■ **Given records**
▼

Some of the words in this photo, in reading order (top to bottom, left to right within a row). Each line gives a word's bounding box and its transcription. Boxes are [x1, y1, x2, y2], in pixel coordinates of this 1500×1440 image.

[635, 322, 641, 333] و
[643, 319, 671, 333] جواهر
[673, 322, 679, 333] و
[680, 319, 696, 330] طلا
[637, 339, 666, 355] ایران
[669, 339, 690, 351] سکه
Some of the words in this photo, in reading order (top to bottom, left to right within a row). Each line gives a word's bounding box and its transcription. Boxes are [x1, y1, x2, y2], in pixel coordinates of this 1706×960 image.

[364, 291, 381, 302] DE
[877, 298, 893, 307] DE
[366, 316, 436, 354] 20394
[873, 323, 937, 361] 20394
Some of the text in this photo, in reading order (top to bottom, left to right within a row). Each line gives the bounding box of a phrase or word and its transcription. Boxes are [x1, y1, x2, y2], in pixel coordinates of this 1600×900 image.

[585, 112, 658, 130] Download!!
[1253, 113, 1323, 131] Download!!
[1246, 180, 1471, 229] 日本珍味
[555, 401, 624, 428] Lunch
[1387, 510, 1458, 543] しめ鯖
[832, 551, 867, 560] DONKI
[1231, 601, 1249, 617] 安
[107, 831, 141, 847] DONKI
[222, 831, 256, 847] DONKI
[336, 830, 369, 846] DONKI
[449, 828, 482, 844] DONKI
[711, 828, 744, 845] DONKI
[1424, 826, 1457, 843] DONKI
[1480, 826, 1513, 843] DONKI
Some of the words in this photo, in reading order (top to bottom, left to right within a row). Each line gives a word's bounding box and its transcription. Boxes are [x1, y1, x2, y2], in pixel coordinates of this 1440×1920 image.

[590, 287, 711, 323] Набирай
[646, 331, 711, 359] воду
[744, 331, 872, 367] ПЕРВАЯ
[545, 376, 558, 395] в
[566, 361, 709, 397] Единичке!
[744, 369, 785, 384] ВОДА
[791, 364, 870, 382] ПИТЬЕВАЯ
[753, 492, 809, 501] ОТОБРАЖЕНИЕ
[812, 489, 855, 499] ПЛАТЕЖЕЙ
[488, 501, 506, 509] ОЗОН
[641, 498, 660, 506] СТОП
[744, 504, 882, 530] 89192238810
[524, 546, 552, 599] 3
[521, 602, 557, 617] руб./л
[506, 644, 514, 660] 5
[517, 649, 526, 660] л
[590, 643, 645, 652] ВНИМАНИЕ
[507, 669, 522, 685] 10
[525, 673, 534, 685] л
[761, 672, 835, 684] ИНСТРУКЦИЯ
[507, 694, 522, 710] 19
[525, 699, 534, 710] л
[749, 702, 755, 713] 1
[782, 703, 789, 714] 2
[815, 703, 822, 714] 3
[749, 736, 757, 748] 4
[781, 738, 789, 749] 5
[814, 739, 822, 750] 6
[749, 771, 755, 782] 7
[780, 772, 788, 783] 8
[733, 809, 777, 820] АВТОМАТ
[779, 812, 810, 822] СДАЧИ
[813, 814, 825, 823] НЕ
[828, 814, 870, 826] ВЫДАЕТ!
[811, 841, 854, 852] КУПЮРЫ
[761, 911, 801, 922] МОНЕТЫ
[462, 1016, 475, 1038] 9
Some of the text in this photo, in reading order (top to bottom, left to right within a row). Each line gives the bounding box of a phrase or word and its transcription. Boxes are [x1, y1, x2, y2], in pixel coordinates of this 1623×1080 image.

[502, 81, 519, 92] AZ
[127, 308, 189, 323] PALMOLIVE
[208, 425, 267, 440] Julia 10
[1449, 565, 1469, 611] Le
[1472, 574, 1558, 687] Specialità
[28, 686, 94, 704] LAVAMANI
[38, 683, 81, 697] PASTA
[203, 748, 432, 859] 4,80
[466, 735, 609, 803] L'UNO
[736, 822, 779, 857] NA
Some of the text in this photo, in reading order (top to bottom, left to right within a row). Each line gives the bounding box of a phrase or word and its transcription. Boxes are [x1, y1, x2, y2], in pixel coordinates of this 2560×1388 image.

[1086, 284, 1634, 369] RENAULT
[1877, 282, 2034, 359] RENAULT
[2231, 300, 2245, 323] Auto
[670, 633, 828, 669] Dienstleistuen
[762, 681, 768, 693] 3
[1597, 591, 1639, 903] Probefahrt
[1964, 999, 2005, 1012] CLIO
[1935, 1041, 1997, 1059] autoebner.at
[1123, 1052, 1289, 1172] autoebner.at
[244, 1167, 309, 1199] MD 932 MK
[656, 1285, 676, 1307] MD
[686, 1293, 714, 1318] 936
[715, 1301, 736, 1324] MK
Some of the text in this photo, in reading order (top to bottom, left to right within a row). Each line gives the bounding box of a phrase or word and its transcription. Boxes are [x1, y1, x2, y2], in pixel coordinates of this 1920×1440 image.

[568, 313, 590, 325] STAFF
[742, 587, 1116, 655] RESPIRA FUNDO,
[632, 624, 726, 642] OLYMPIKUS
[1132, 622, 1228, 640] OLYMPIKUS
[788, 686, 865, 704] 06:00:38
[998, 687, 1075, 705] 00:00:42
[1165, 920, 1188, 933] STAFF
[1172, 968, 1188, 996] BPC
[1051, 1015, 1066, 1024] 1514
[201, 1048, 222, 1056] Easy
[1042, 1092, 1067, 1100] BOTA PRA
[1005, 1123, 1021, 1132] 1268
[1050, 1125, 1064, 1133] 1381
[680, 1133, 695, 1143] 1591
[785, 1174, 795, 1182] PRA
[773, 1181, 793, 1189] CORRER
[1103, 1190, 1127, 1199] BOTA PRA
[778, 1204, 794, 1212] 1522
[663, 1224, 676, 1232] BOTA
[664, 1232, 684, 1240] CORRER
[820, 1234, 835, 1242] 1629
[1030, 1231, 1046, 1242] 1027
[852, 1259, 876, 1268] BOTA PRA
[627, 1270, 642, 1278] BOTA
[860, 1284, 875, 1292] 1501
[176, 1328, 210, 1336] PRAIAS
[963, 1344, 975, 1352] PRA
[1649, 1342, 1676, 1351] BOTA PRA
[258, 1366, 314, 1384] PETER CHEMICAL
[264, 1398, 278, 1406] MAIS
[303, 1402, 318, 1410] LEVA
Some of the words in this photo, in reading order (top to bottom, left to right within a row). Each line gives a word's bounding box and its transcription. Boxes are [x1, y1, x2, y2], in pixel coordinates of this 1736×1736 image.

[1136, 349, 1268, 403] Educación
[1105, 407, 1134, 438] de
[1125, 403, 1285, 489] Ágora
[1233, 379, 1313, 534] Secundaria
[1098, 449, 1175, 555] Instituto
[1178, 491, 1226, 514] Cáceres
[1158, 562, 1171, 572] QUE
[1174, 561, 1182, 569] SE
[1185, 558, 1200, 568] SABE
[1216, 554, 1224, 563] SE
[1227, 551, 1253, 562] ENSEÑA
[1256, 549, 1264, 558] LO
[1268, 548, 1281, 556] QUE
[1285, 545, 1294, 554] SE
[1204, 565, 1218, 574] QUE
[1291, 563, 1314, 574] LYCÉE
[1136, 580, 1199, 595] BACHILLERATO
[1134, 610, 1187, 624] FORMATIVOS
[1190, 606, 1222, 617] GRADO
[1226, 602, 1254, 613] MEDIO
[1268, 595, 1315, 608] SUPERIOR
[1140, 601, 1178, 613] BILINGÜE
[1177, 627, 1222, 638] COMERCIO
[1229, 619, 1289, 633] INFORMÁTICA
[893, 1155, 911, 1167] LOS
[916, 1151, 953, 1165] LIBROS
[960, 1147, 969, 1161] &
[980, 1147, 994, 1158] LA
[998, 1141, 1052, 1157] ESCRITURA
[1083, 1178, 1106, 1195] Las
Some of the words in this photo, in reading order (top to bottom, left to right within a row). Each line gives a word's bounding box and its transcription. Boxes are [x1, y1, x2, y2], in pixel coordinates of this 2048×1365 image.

▲

■ **Problem description**
Word for word, restate each of the records above.

■ **Response area**
Some of the words in this photo, in reading order (top to bottom, left to right within a row). Each line gives a word's bounding box and its transcription. Boxes are [x1, y1, x2, y2], in pixel coordinates of this 1500×1440 image.

[635, 322, 641, 333] و
[643, 319, 671, 333] جواهر
[673, 322, 679, 333] و
[680, 319, 696, 330] طلا
[637, 339, 666, 355] ایران
[669, 339, 690, 351] سکه
Some of the words in this photo, in reading order (top to bottom, left to right within a row). Each line gives a word's bounding box and its transcription. Boxes are [x1, y1, x2, y2], in pixel coordinates of this 1706×960 image.

[364, 291, 381, 302] DE
[877, 298, 893, 307] DE
[366, 316, 436, 354] 20394
[873, 323, 937, 361] 20394
Some of the text in this photo, in reading order (top to bottom, left to right within a row). Each line gives the bounding box of a phrase or word and its transcription. Boxes are [x1, y1, x2, y2], in pixel coordinates of this 1600×900 image.

[585, 112, 658, 130] Download!!
[1253, 113, 1323, 131] Download!!
[1246, 180, 1471, 229] 日本珍味
[555, 401, 624, 428] Lunch
[1387, 510, 1458, 543] しめ鯖
[832, 551, 867, 560] DONKI
[1231, 601, 1249, 617] 安
[107, 831, 141, 847] DONKI
[222, 831, 256, 847] DONKI
[336, 830, 369, 846] DONKI
[449, 828, 482, 844] DONKI
[711, 828, 744, 845] DONKI
[1424, 826, 1457, 843] DONKI
[1480, 826, 1513, 843] DONKI
Some of the words in this photo, in reading order (top to bottom, left to right within a row). Each line gives a word's bounding box and its transcription. Boxes are [x1, y1, x2, y2], in pixel coordinates of this 1440×1920 image.

[590, 287, 711, 323] Набирай
[646, 331, 711, 359] воду
[744, 331, 872, 367] ПЕРВАЯ
[545, 376, 558, 395] в
[566, 361, 709, 397] Единичке!
[744, 369, 785, 384] ВОДА
[791, 364, 870, 382] ПИТЬЕВАЯ
[753, 492, 809, 501] ОТОБРАЖЕНИЕ
[812, 489, 855, 499] ПЛАТЕЖЕЙ
[488, 501, 506, 509] ОЗОН
[641, 498, 660, 506] СТОП
[744, 504, 882, 530] 89192238810
[524, 546, 552, 599] 3
[521, 602, 557, 617] руб./л
[506, 644, 514, 660] 5
[517, 649, 526, 660] л
[590, 643, 645, 652] ВНИМАНИЕ
[507, 669, 522, 685] 10
[525, 673, 534, 685] л
[761, 672, 835, 684] ИНСТРУКЦИЯ
[507, 694, 522, 710] 19
[525, 699, 534, 710] л
[749, 702, 755, 713] 1
[782, 703, 789, 714] 2
[815, 703, 822, 714] 3
[749, 736, 757, 748] 4
[781, 738, 789, 749] 5
[814, 739, 822, 750] 6
[749, 771, 755, 782] 7
[780, 772, 788, 783] 8
[733, 809, 777, 820] АВТОМАТ
[779, 812, 810, 822] СДАЧИ
[813, 814, 825, 823] НЕ
[828, 814, 870, 826] ВЫДАЕТ!
[811, 841, 854, 852] КУПЮРЫ
[761, 911, 801, 922] МОНЕТЫ
[462, 1016, 475, 1038] 9
Some of the text in this photo, in reading order (top to bottom, left to right within a row). Each line gives the bounding box of a phrase or word and its transcription. Boxes are [x1, y1, x2, y2], in pixel coordinates of this 1623×1080 image.

[502, 81, 519, 92] AZ
[127, 308, 189, 323] PALMOLIVE
[208, 425, 267, 440] Julia 10
[1449, 565, 1469, 611] Le
[1472, 574, 1558, 687] Specialità
[28, 686, 94, 704] LAVAMANI
[38, 683, 81, 697] PASTA
[203, 748, 432, 859] 4,80
[466, 735, 609, 803] L'UNO
[736, 822, 779, 857] NA
Some of the text in this photo, in reading order (top to bottom, left to right within a row). Each line gives the bounding box of a phrase or word and its transcription. Boxes are [x1, y1, x2, y2], in pixel coordinates of this 2560×1388 image.

[1086, 284, 1634, 369] RENAULT
[1877, 282, 2034, 359] RENAULT
[2231, 300, 2245, 323] Auto
[670, 633, 828, 669] Dienstleistuen
[762, 681, 768, 693] 3
[1597, 591, 1639, 903] Probefahrt
[1964, 999, 2005, 1012] CLIO
[1935, 1041, 1997, 1059] autoebner.at
[1123, 1052, 1289, 1172] autoebner.at
[244, 1167, 309, 1199] MD 932 MK
[656, 1285, 676, 1307] MD
[686, 1293, 714, 1318] 936
[715, 1301, 736, 1324] MK
Some of the text in this photo, in reading order (top to bottom, left to right within a row). Each line gives the bounding box of a phrase or word and its transcription. Boxes are [x1, y1, x2, y2], in pixel coordinates of this 1920×1440 image.

[568, 313, 590, 325] STAFF
[742, 587, 1116, 655] RESPIRA FUNDO,
[632, 624, 726, 642] OLYMPIKUS
[1132, 622, 1228, 640] OLYMPIKUS
[788, 686, 865, 704] 06:00:38
[998, 687, 1075, 705] 00:00:42
[1165, 920, 1188, 933] STAFF
[1172, 968, 1188, 996] BPC
[1051, 1015, 1066, 1024] 1514
[201, 1048, 222, 1056] Easy
[1042, 1092, 1067, 1100] BOTA PRA
[1005, 1123, 1021, 1132] 1268
[1050, 1125, 1064, 1133] 1381
[680, 1133, 695, 1143] 1591
[785, 1174, 795, 1182] PRA
[773, 1181, 793, 1189] CORRER
[1103, 1190, 1127, 1199] BOTA PRA
[778, 1204, 794, 1212] 1522
[663, 1224, 676, 1232] BOTA
[664, 1232, 684, 1240] CORRER
[820, 1234, 835, 1242] 1629
[1030, 1231, 1046, 1242] 1027
[852, 1259, 876, 1268] BOTA PRA
[627, 1270, 642, 1278] BOTA
[860, 1284, 875, 1292] 1501
[176, 1328, 210, 1336] PRAIAS
[963, 1344, 975, 1352] PRA
[1649, 1342, 1676, 1351] BOTA PRA
[258, 1366, 314, 1384] PETER CHEMICAL
[264, 1398, 278, 1406] MAIS
[303, 1402, 318, 1410] LEVA
Some of the words in this photo, in reading order (top to bottom, left to right within a row). Each line gives a word's bounding box and its transcription. Boxes are [x1, y1, x2, y2], in pixel coordinates of this 1736×1736 image.

[1136, 349, 1268, 403] Educación
[1105, 407, 1134, 438] de
[1125, 403, 1285, 489] Ágora
[1233, 379, 1313, 534] Secundaria
[1098, 449, 1175, 555] Instituto
[1178, 491, 1226, 514] Cáceres
[1158, 562, 1171, 572] QUE
[1174, 561, 1182, 569] SE
[1185, 558, 1200, 568] SABE
[1216, 554, 1224, 563] SE
[1227, 551, 1253, 562] ENSEÑA
[1256, 549, 1264, 558] LO
[1268, 548, 1281, 556] QUE
[1285, 545, 1294, 554] SE
[1204, 565, 1218, 574] QUE
[1291, 563, 1314, 574] LYCÉE
[1136, 580, 1199, 595] BACHILLERATO
[1134, 610, 1187, 624] FORMATIVOS
[1190, 606, 1222, 617] GRADO
[1226, 602, 1254, 613] MEDIO
[1268, 595, 1315, 608] SUPERIOR
[1140, 601, 1178, 613] BILINGÜE
[1177, 627, 1222, 638] COMERCIO
[1229, 619, 1289, 633] INFORMÁTICA
[893, 1155, 911, 1167] LOS
[916, 1151, 953, 1165] LIBROS
[960, 1147, 969, 1161] &
[980, 1147, 994, 1158] LA
[998, 1141, 1052, 1157] ESCRITURA
[1083, 1178, 1106, 1195] Las
Some of the words in this photo, in reading order (top to bottom, left to right within a row). Each line gives a word's bounding box and its transcription. Boxes are [x1, y1, x2, y2], in pixel coordinates of this 2048×1365 image.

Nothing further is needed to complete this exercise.